Jリーグ万歳!BACK NUMBER
真の「自分たちのサッカー」とは?
山形が証明し、千葉に欠けたもの。
posted2014/12/11 16:30
text by
細江克弥Katsuya Hosoe
photograph by
Noriko Nagano
内容だけに言及すれば、実に大味な90分だった。しかしそれが、J1昇格プレーオフ決勝におけるモンテディオ山形の勝因であり、ジェフユナイテッド千葉の敗因だった。
試合後の記者会見で、山形の石崎信弘監督は言った。
「自分たちのやり方は、変える必要がなかった」
指揮官が言う「自分たちのやり方」について、決勝ゴールを挙げたFW山崎雅人は「前からのプレス」、左サイドMFのキム・ボムヨンは「団結力」と話し、それぞれにその「やり方」に基づいた任務を遂行できたことを勝因に挙げた。
右サイドMFの山田拓巳が言う。
「11人全員の守備意識の高さ、全員がひたむきに頑張る。それに関してはものすごいまとまりがあって、1年間ブレることなく戦えたと思います。開幕前から監督が求めていたサッカーが、後半戦になってから徐々に体現できるようになりました。

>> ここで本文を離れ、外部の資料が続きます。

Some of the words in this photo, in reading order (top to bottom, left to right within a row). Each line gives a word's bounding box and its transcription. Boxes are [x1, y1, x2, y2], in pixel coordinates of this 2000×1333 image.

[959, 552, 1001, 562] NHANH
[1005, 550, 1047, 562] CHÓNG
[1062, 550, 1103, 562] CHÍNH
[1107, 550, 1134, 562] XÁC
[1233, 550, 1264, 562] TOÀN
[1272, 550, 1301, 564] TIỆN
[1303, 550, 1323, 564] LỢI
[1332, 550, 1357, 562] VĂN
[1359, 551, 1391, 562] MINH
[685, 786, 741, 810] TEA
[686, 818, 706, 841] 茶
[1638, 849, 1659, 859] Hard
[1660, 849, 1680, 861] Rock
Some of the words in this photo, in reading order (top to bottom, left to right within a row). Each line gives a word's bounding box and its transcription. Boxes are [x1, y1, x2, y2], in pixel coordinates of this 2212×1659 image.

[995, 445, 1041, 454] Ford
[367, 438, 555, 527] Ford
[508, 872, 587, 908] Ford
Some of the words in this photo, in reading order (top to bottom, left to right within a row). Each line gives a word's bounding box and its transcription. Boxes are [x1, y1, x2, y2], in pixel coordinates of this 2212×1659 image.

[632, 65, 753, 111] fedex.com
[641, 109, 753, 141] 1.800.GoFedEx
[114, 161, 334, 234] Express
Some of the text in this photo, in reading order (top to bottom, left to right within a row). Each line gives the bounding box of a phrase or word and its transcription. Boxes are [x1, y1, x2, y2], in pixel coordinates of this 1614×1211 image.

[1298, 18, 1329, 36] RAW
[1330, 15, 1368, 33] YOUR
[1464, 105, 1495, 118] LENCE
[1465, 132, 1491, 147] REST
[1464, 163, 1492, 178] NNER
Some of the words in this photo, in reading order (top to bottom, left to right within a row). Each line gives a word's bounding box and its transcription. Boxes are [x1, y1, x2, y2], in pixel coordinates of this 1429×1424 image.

最初から“スタイル”が見えていたし、それをトレーニングでやり続けてきたことで、全員が90分間ハードワークできるチームになったと思います」
佐藤勇人が解説した、千葉のゲームプラン。
一方当然ながら、千葉の選手たちは「自分たちのサッカー」ができなかったことを悔やんだ。
MF佐藤健太郎は「なかなか自分たちが思うようなプレーができなかった」と語り、DFキム・ヒョヌンも同様に「前半は自分たちのプレーができなかった」と振り返った。MF佐藤勇人は、その部分を深く掘り下げてこう話している。
「早い時間に失点しないために、前半はセーフティーにプレーしなければいけなかった。ある程度我慢して普段とは違う戦い方で、セーフティーにやるべきところはセーフティーにやる。それによって、前半は落ち着かない展開でしたけど、ある程度仕方ないと思っていました。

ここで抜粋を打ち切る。